Imagine a battlefield. The weapons have fallen silent, but the ground remains charged with millions of invisible fragments: shrapnel, fossilized tears, whispered vows of vengeance from ancestors. These “ghosts” are not supernatural—they are invisible debts, accumulated over generations, trapping peoples in cycles of violence. In this first episode, we explore how these debts—emotional, memorial, ecological—hinder peace and how systemic thinking can help tame them.

1. What Is an “Invisible Debt”?

“Invisible debts are like poisoned roots. If they are not pulled out, they choke any new growth of peace.”

An invisible debt is an unresolved imbalance in a system that is transmitted and transformed over time. Unlike financial debt, it cannot be erased by a payment—only acknowledged, transformed, or… exacerbated.
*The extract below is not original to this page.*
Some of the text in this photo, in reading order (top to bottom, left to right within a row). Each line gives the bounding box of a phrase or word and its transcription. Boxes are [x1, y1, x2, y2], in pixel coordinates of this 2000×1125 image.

Three Forms of Invisible Debts:

? Emotional debt: Unrecognized suffering (e.g., survivors of the Nakba or the Holocaust whose pain is denied).
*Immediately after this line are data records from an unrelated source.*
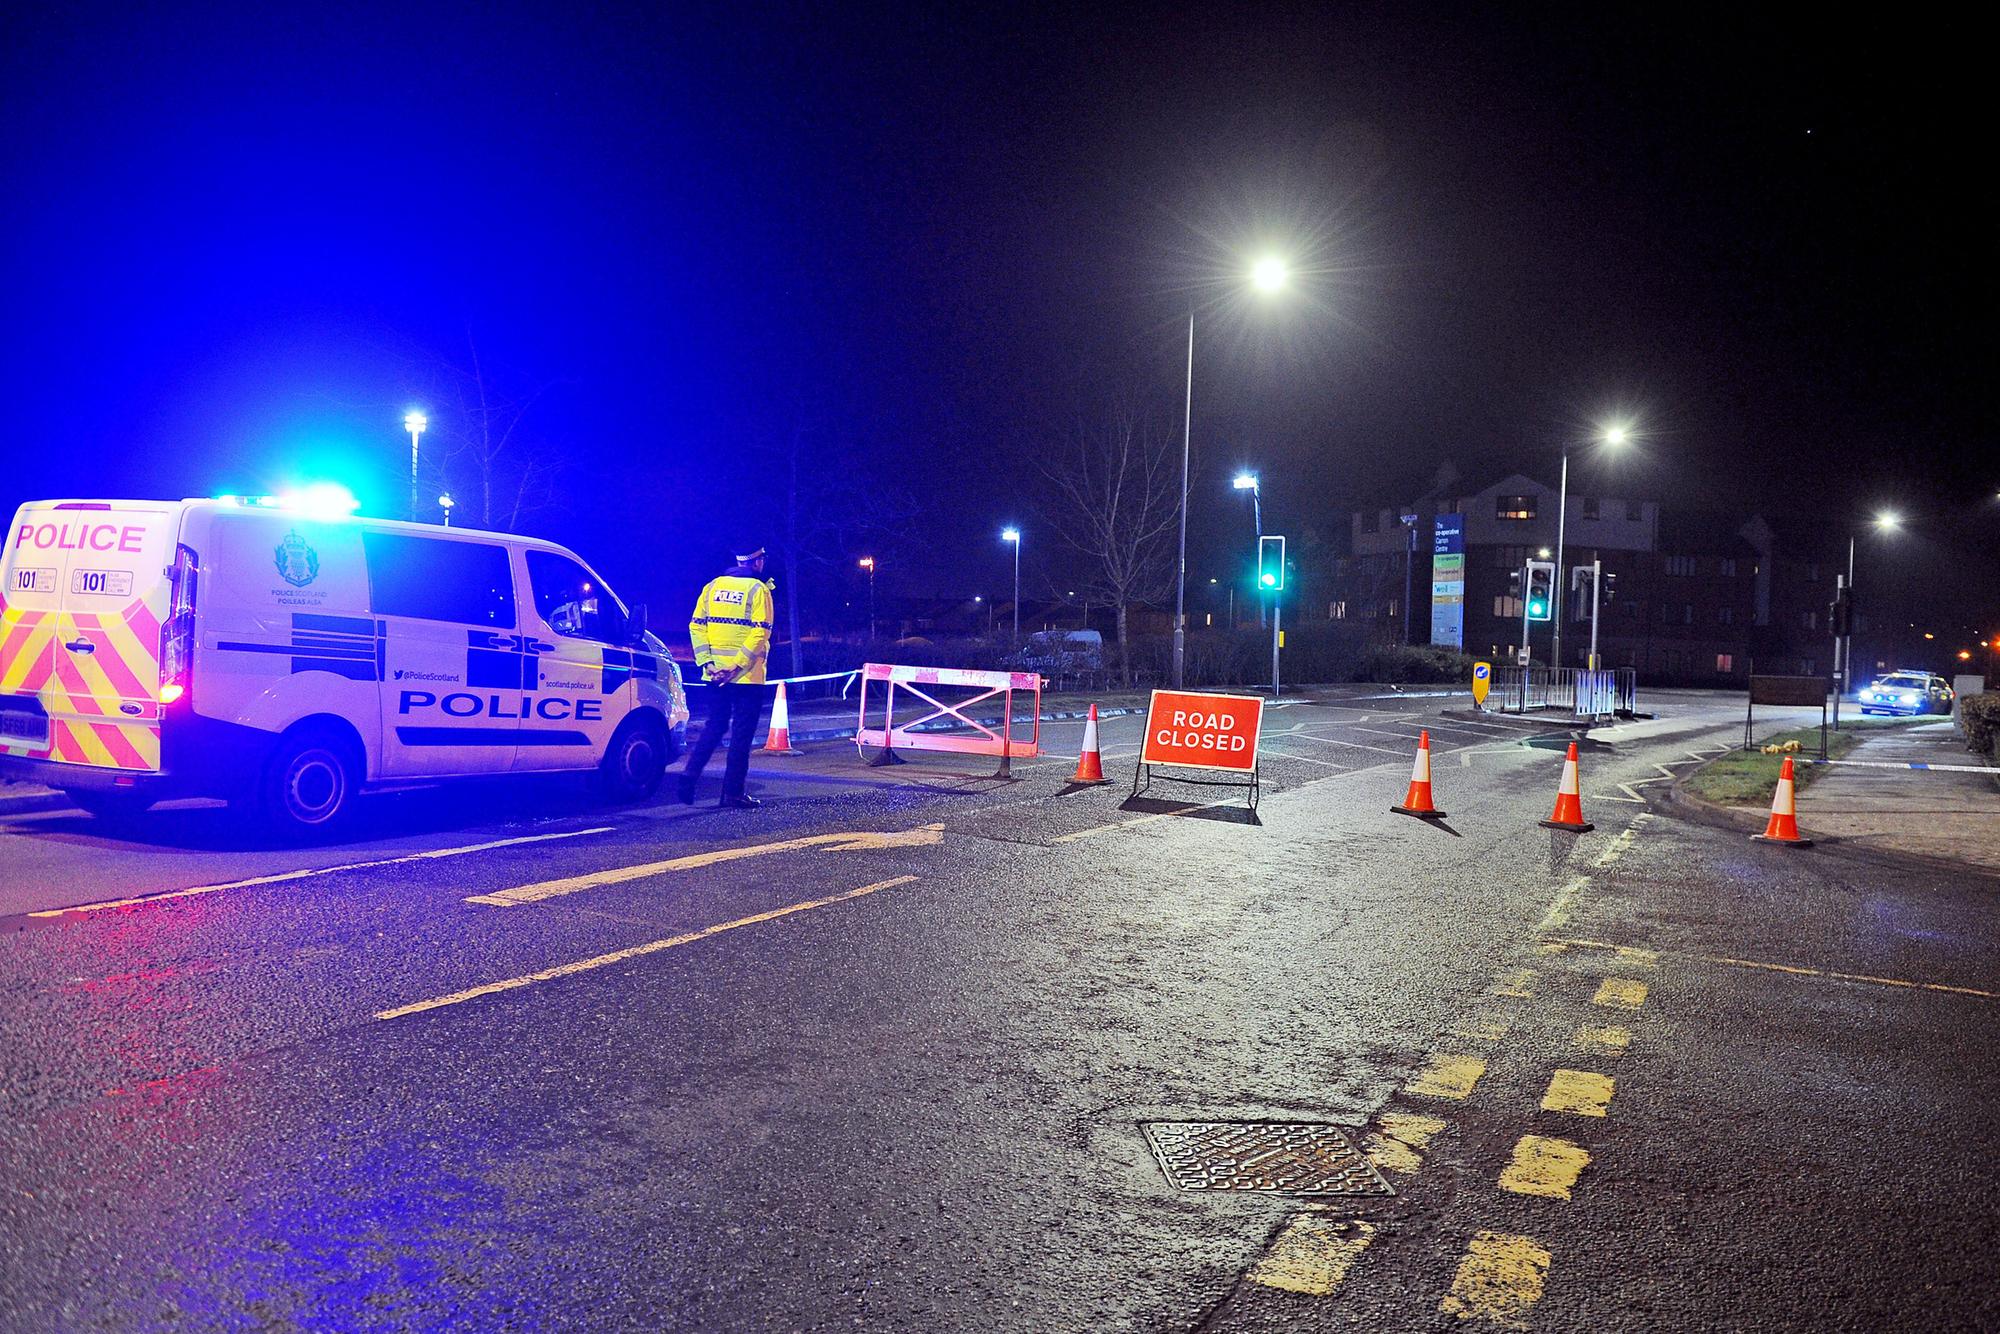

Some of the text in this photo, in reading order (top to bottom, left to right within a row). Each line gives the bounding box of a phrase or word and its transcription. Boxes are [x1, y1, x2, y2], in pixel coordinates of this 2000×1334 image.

[16, 524, 146, 552] POLICE
[18, 571, 36, 588] 101
[83, 573, 106, 591] 101
[714, 590, 744, 602] POLICE
[403, 670, 459, 682] @PoliceScotland
[546, 680, 595, 690] scotland.police.uk
[398, 690, 602, 721] POLICE
[1173, 711, 1235, 731] ROAD
[1157, 730, 1246, 752] CLOSED
? Memorial debt: Conflicting historical narratives (e.g., “WE are the victims” vs. “YOU are the aggressors”).

? Ecological debt: Polluted lands, depleted resources that deprive future generations of their heritage (e.g., Gaza’s soil contaminated with phosphorus).

2. When the Past Wraps Around the Present

The Treaty of Versailles (1919)

  • Financial debt: Germany, deemed solely responsible for World War I, must pay 132 billion gold marks.
  • Invisible debt: National humiliation fuels resentment, later exploited by the Nazis. Economic debt becomes an identity debt.
  • Systemic Lesson: A poorly managed debt creates a feedback loop: reparations → anger → revenge → new war.

The Marshall Plan (1947)

? The United States invests $13 billion (equivalent to $150 billion today) to rebuild Europe, including Germany.
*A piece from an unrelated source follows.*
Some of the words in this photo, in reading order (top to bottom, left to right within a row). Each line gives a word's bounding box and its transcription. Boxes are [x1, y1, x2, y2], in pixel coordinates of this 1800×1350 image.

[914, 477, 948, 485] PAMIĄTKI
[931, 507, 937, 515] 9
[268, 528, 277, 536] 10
? Systemic effect: Economic debt becomes a lever for cooperation → lasting peace in Western Europe.

3. Debts as “Psychological Games”

According to Paul Watzlawick, persistent conflicts often follow “never-ending games,” where each side fuels the other’s distress to avoid an existential void.

Israel-Palestine

? The debt of recognition:

? Palestinian side: “Acknowledge our suffering since the Nakba.”

? Israeli side: “Acknowledge our right to exist after the Holocaust.”

Vicious Cycle: The refusal to recognize the other’s debt reinforces one’s own → making dialogue impossible.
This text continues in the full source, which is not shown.